España será el sexto país del mundo que despenaliza la eutanasia. Lo ha hecho una mayoría parlamentaria más que suficiente, pero no transversal: una norma de semejante calado habría requerido un consenso más amplio y un proceso deliberativo más especializado que ha brillado por su ausencia. Las prisas de Sánchez obedecen como siempre al sectarismo y a la táctica cortoplacista: se trata de cegar los puntos de unión y priorizar leyes divisivas que arrinconen al PP y permitan a la mayoría de Gobierno arrogarse el monopolio del progreso moral. Pero una bancada en pie aplaudiendo la despenalización de la eutanasia como si se tratara de un triunfo incontestable mueve antes a la inquietud que al orgullo. Porque por primera vez en nuestro ordenamiento, la vida deja de ser un bien jurídico supremo y admite su desdoblamiento entre digna e indigna. Una distinción que nunca puede competer al Estado sino solo a la soberanía de la persona.

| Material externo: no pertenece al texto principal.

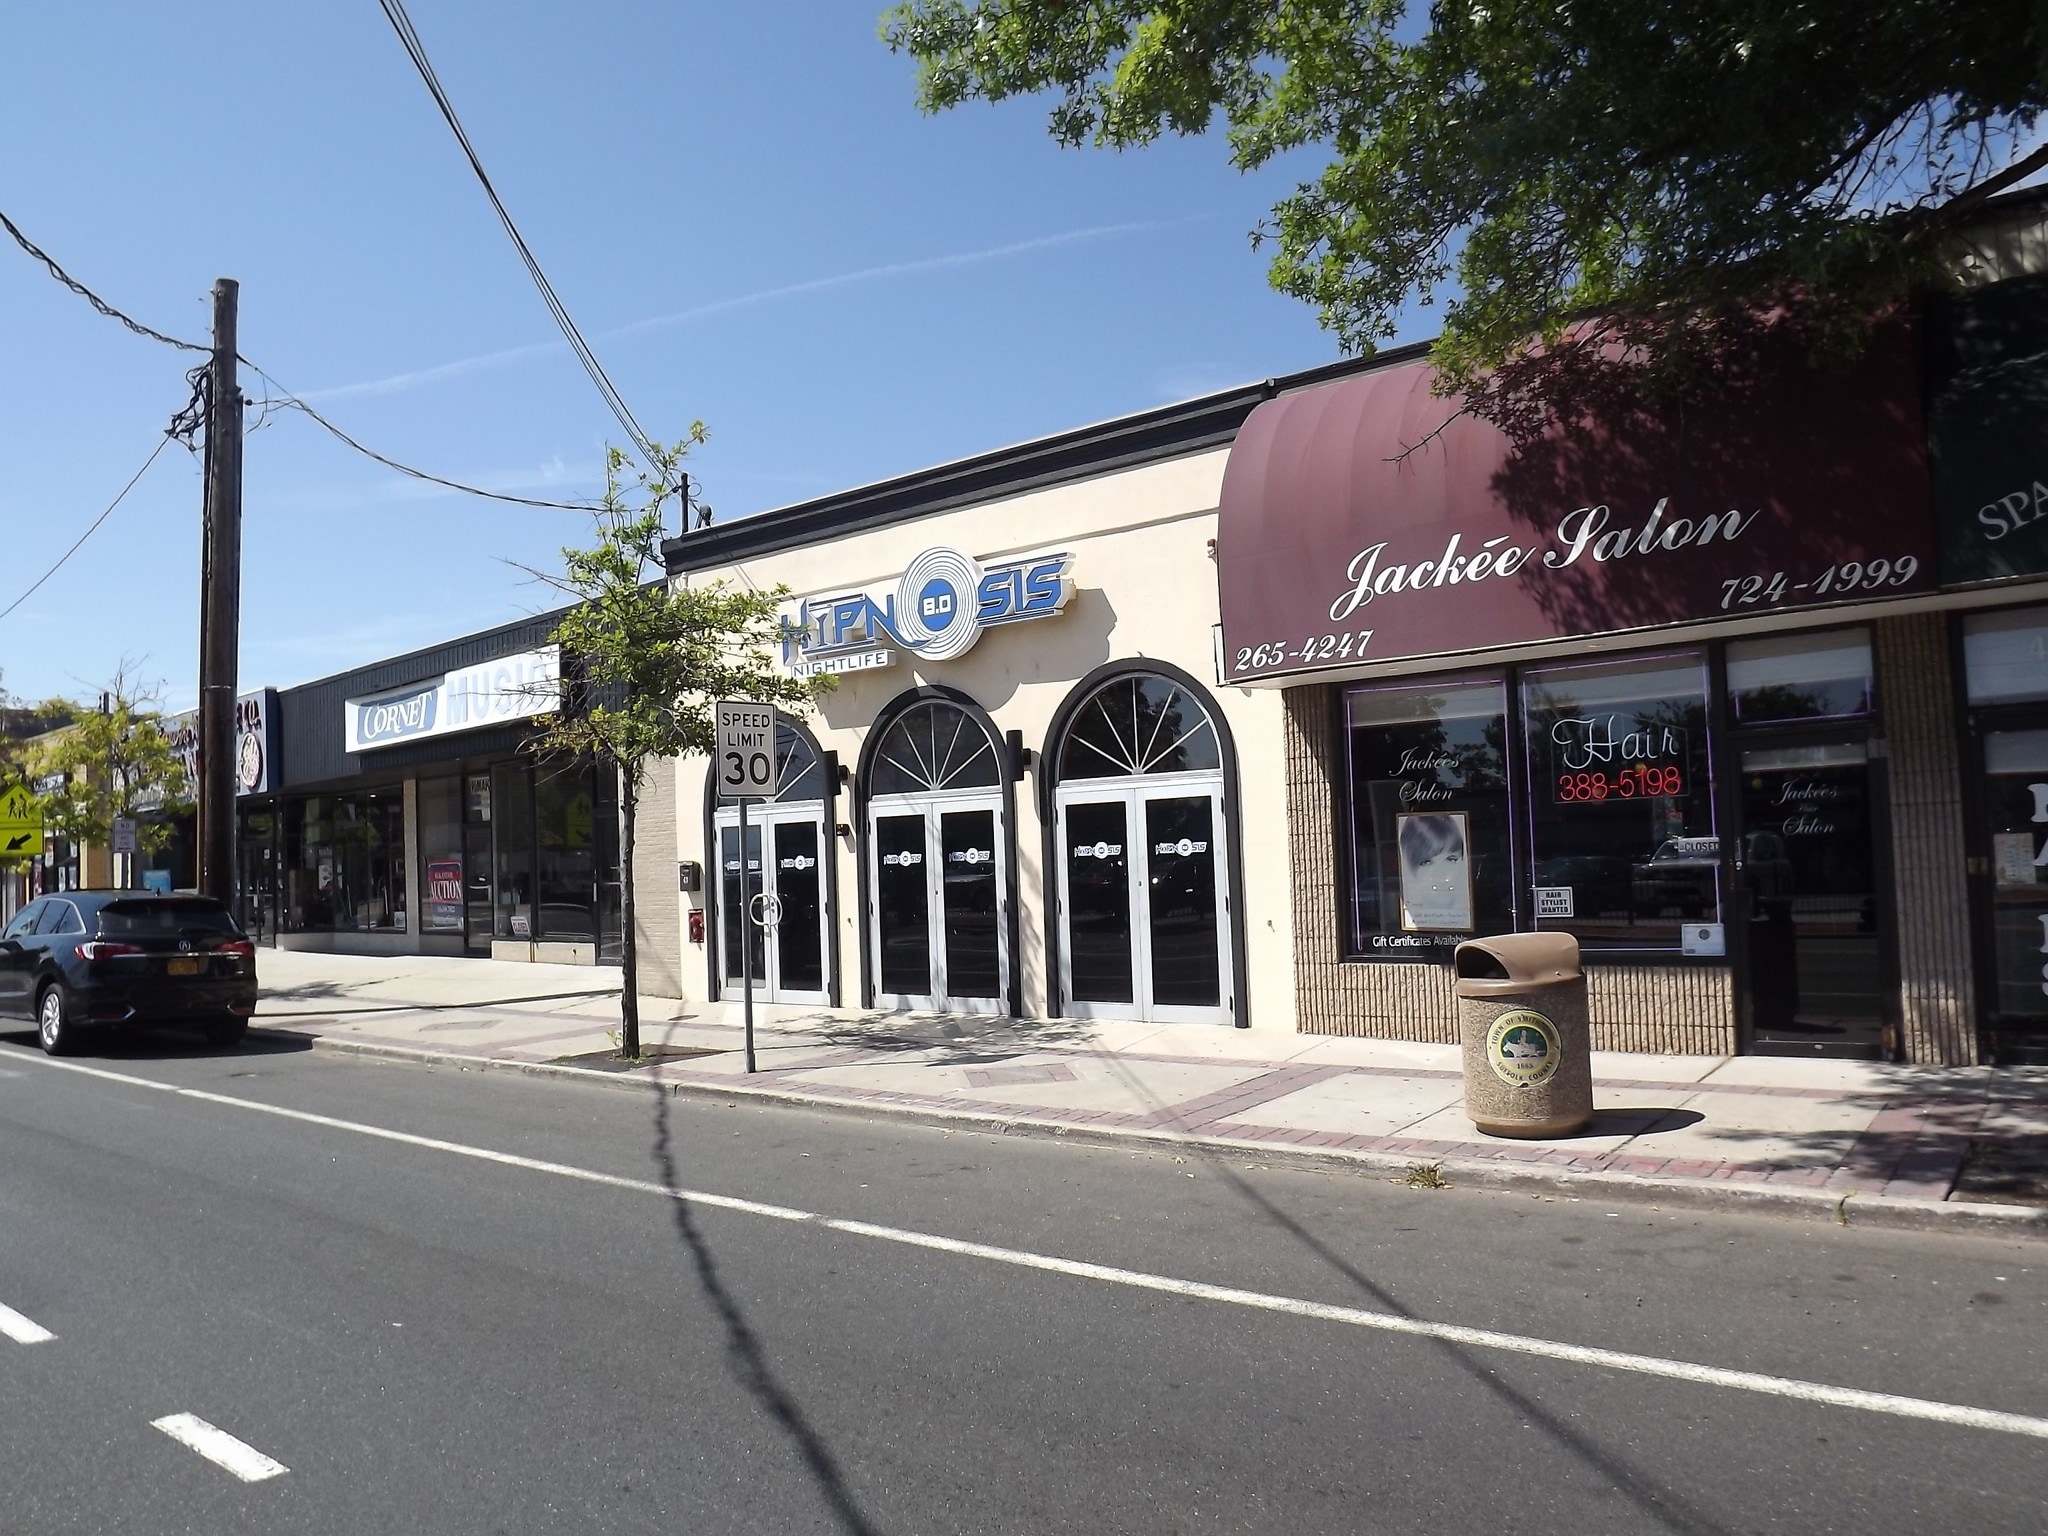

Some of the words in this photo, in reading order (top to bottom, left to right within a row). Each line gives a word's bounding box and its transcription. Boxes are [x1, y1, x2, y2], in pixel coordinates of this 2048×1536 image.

A todos nos conmueve el terrible sufrimiento en que la enfermedad llega a colocar a pacientes sin esperanza. Por eso causa desazón que el Gobierno haya optado por la vía expeditiva de la eutanasia antes que por una ley de cuidados paliativos, a los que accediera toda clase de pacientes: esto habría sido progresismo. La ley aprobada se esfuerza por detallar los supuestos que aseguren el garantismo del proceso -casos incurables bajo consentimiento aprobado por varios filtros sanitarios-, pero en ausencia de testamento vital deja la puerta abierta a la autorización final de terceros en presencia de un médico. Y ningún funcionario -y menos un médico- debiera ser quién para decidir qué vida es digna de ser vivida y cuál ha dejado de serlo.
Es el modo de tratar a los más vulnerables el que da la medida ética de una sociedad. Ojalá hubiera sido posible que la ideología y el juego político no contaminasen hasta la manera de abordar el final de la vida.